Photodissociation Dynamics of the Highly Stable ortho-Nitroaniline Cation.

Abstract

0rtho-Nitroaniline (ONA) is a model for the insensitive high explosive 1,3,5-triamino-2,4,6-trinitrobenzene (TATB) that shares strong hydrogen bonding character between adjacent nitro and amino groups. This work reports femtosecond time-resolved mass spectrometry (FTRMS) measurements and theoretical calculations that explain the high stability of the ONA cation compared with related nitroaromatic molecules.
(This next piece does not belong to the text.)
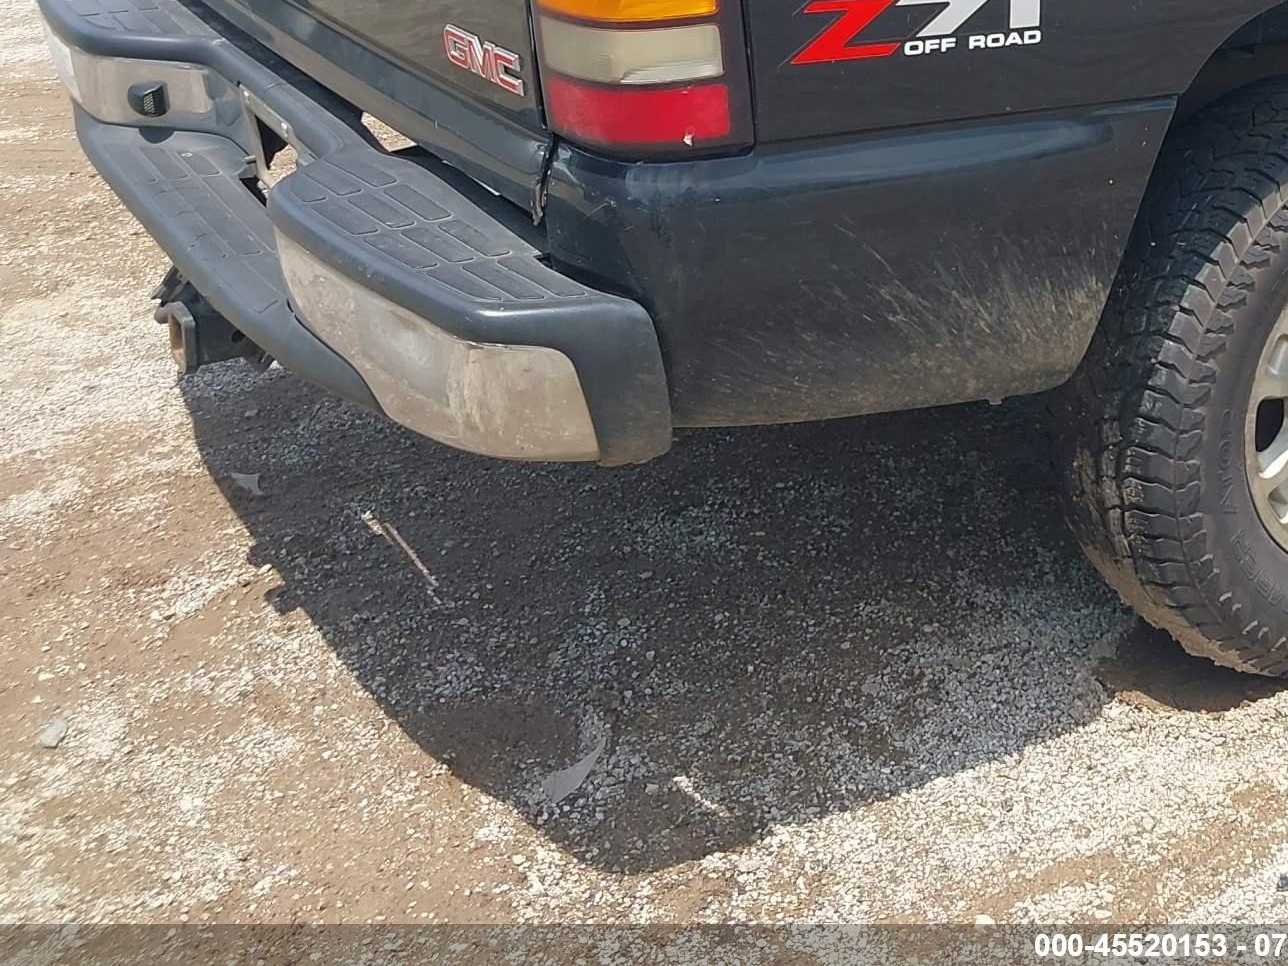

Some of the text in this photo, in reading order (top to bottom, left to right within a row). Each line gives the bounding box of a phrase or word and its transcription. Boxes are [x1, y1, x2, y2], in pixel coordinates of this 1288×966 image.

[443, 23, 525, 98] GMC
[904, 30, 1042, 56] OFF ROAD
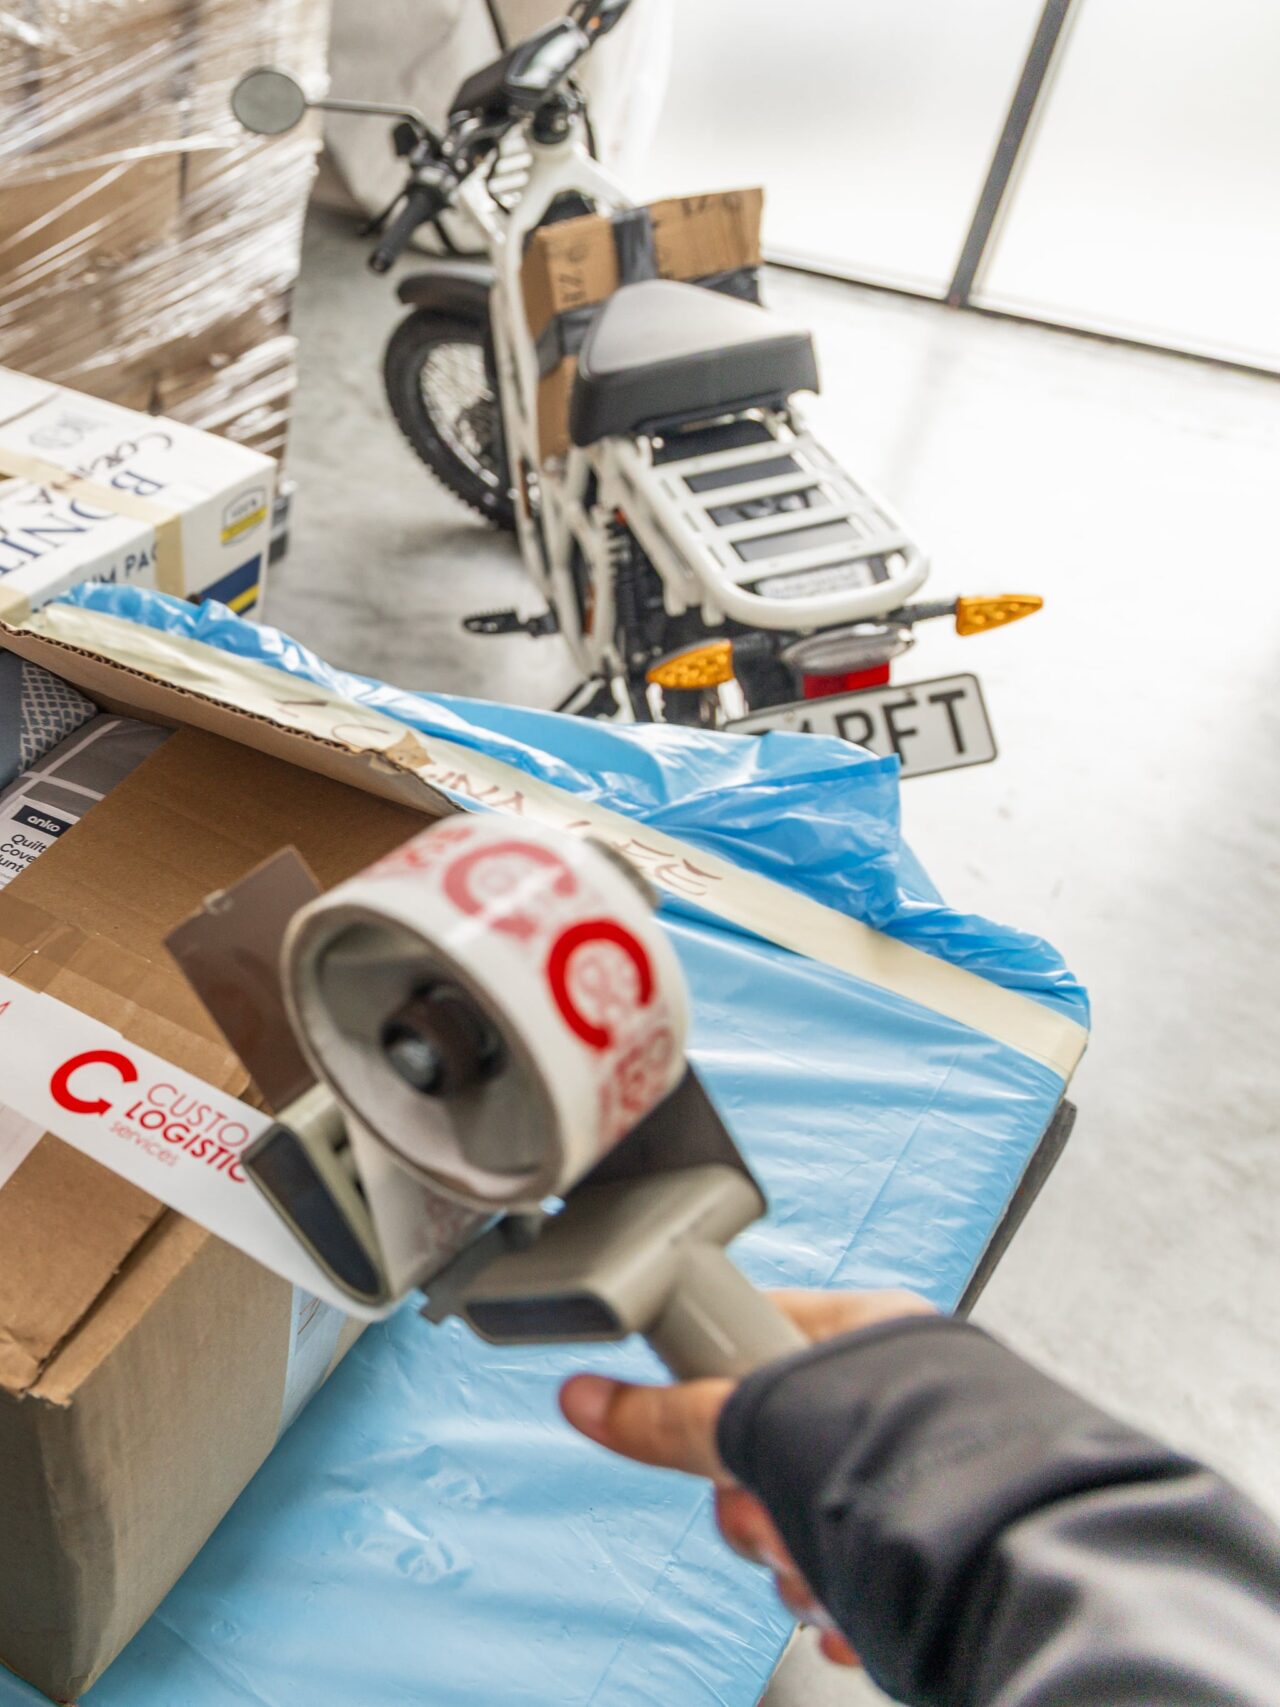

Ab initio calculations found that the lowest-lying electronic excited state of the ONA cation, D1, lies more than 2 eV above the ground state, and the energetic barriers to rearrangement and dissociation reactions exceed this D1 energy. These theoretical results were confirmed by FTRMS pump-probe measurements showing that (1) fragment ions represented less than 30% of the total ion yield when a 1014 W cm-2, 1300 nm, 20 fs pump pulse was used to ionize ONA; and (2) 3.1 eV (400 nm) photons were required to induce dissociation of the ONA cation. Stronger coupling between the ground D0 and excited D4 states of the ONA cation at the geometry of neutral ONA resulted in a transient enhancement of fragment ion yields at <300 fs pump-probe delay times, prior to relaxation of the ONA cation to its optimal geometry.